## AIM OF THE TASK:
All the lines below should be set down exactly, with no picture carried into the copy.

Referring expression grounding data
+ + + + + + +
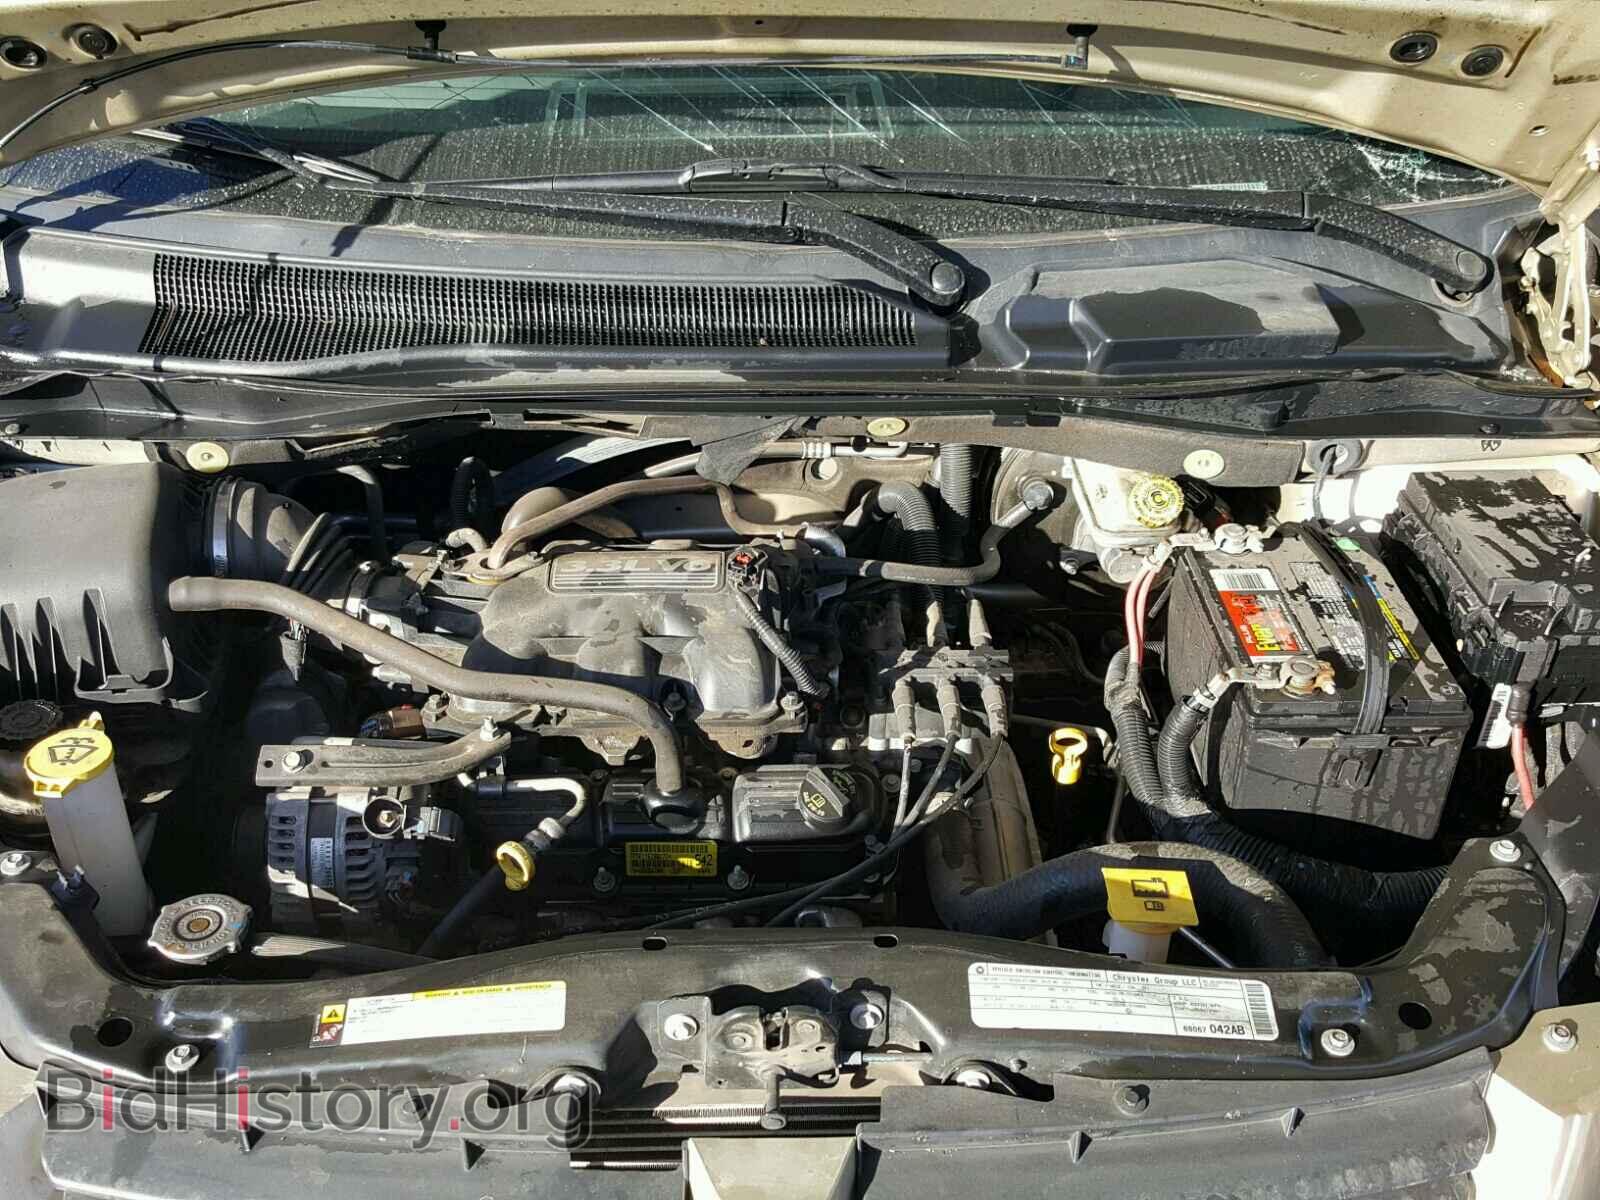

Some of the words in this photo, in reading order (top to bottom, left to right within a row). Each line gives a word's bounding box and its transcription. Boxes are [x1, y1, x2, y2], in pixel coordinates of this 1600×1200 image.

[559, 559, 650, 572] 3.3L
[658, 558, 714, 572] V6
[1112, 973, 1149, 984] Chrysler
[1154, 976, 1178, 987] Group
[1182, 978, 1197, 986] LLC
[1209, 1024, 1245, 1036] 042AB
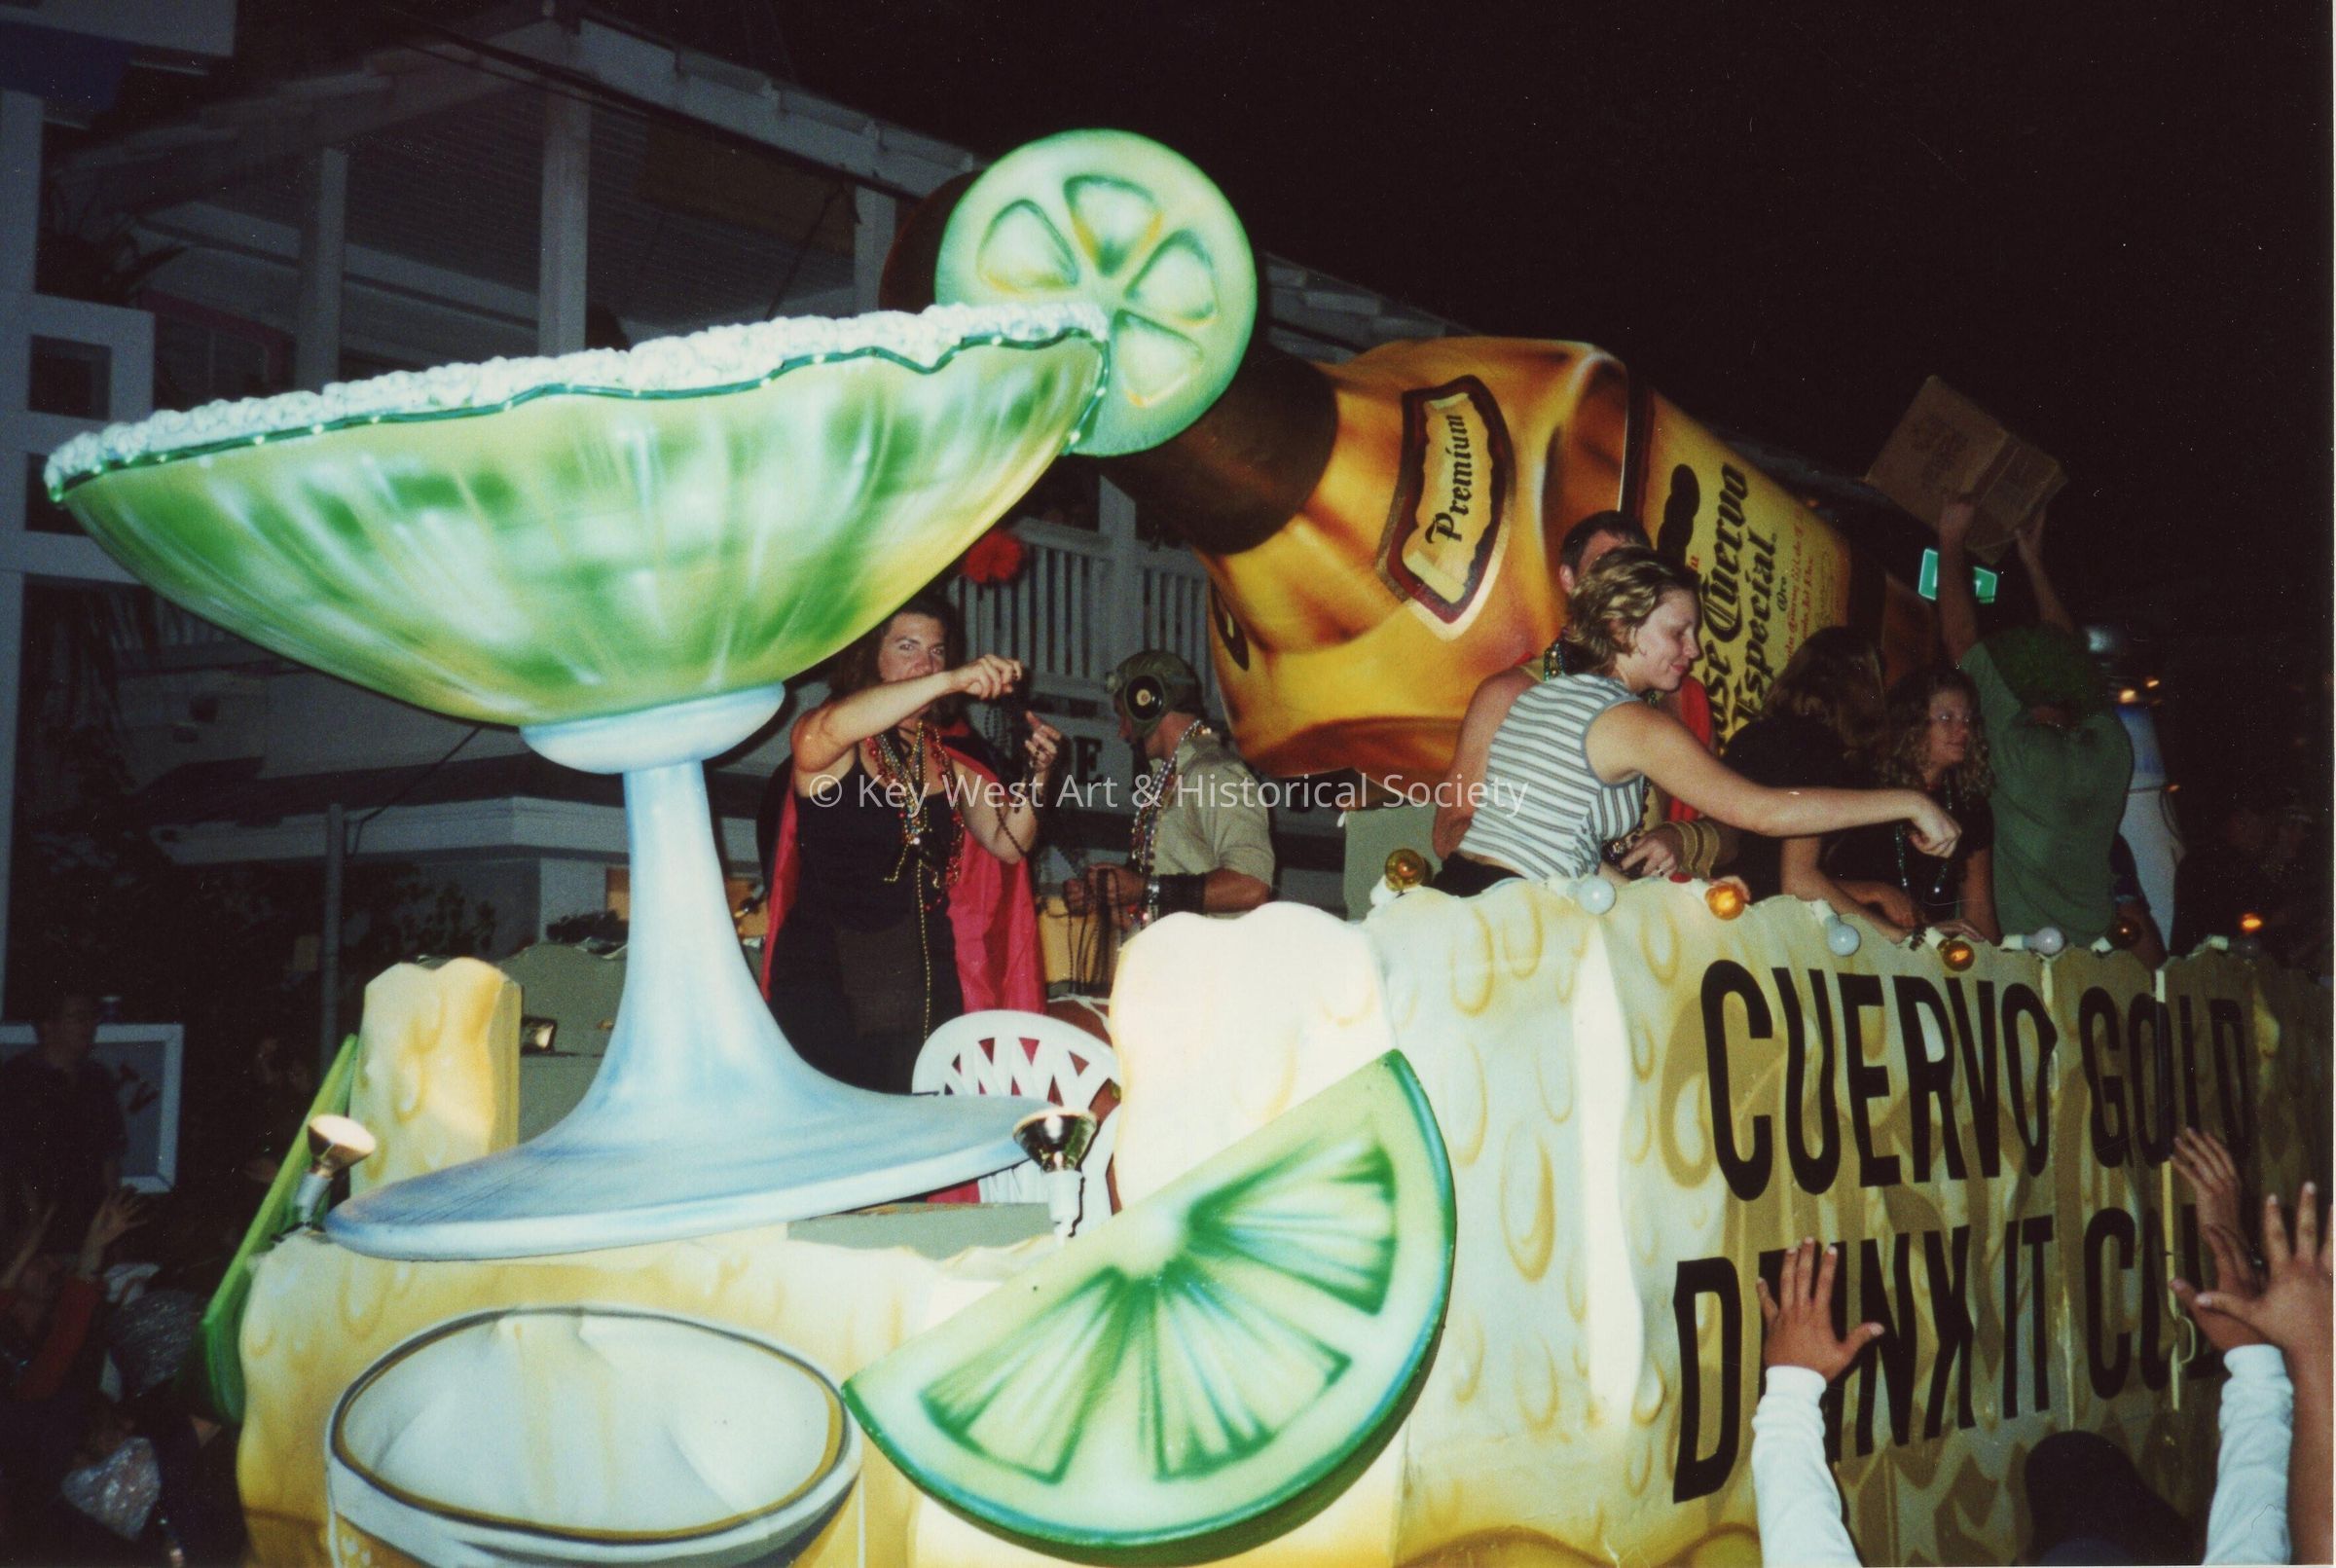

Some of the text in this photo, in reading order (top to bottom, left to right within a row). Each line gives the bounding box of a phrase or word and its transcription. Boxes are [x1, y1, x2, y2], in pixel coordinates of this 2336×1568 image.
+ + + + + + +
## WRITTEN ANSWER:
Some of the words in this photo, in reading order (top to bottom, left to right within a row). Each line gives a word's bounding box and its transcription. Boxes are [x1, y1, x2, y2], in pixel coordinates of this 1600×1200 image.

[559, 559, 650, 572] 3.3L
[658, 558, 714, 572] V6
[1112, 973, 1149, 984] Chrysler
[1154, 976, 1178, 987] Group
[1182, 978, 1197, 986] LLC
[1209, 1024, 1245, 1036] 042AB

Some of the text in this photo, in reading order (top to bottom, left to right within a row). Each line gives the bounding box of a phrase or word and its transcription. Boxes are [x1, y1, x2, y2], in pixel coordinates of this 2336×1568 image.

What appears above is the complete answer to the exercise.